The preset you are using could impact the delay. There is some built-in delay with any pipe organ because tone production in a pipe requires some air to already be moving before the drop in air pressure makes an audible sound--this is particularly true of large bass pipes which need the negative pressure to oscillate several times across the entire length of the pipe before the air escaping the mouth at the bottom of the pipe makes any sound. Presets that aren't from the player perspective have more delay as the simulation includes the sound-travel-time in a large space between the audience and the instrument.
Experiment with different presets and see if there's any improvement in the delay, as it could be more to do with the reverb engine and delay settings than the MIDI interface settings.

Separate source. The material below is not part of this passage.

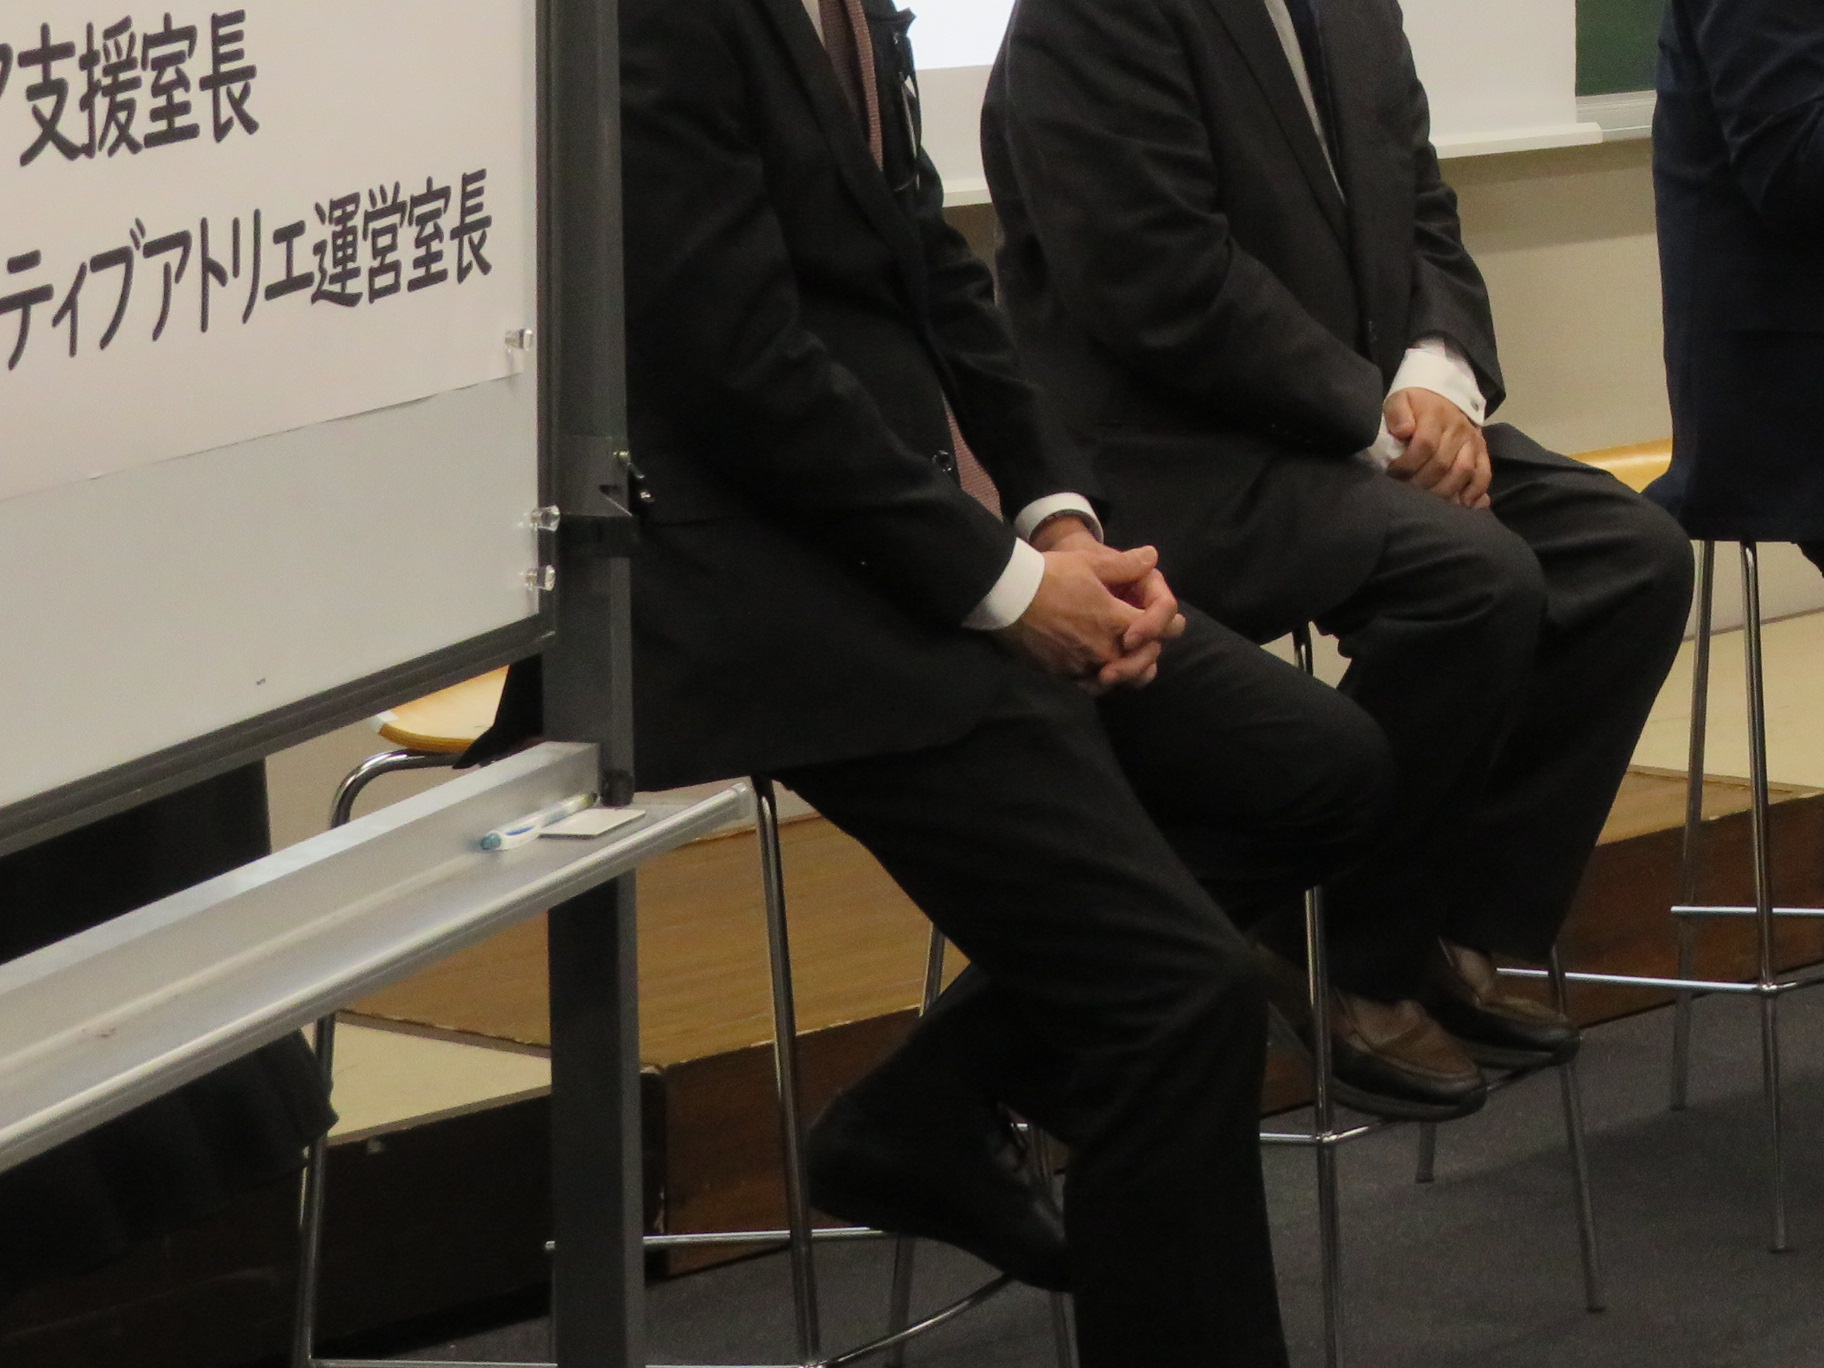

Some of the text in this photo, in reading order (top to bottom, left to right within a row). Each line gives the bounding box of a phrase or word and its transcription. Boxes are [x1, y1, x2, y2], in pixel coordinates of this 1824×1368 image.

Also, Organteq's cpu load is significantly higher than PTQ and the way it distributes load between cores is also quite different (as far as I understand it), so knowing what computer hardware and OS you're using will also help diagnose if it's something built into OTQ's code (either a bug or something to emulate a real-life behavior of any organ) or if it's how your CPU and chipset are distributing processing that's slowing things down. An e-piano will always have the fastest response time because it's using on-board, pre-recorded samples that are playing out of its internal speakers, OTQ has a much longer signal path of keyboard -> interface -> pci/usb bus -> cpu -> OTQ -> cpu (for real-time sound "invention" instead of simply RAM sample playback) -> sound card -> monitors/speakers with the cpu being, by far, the largest gating factor for speed.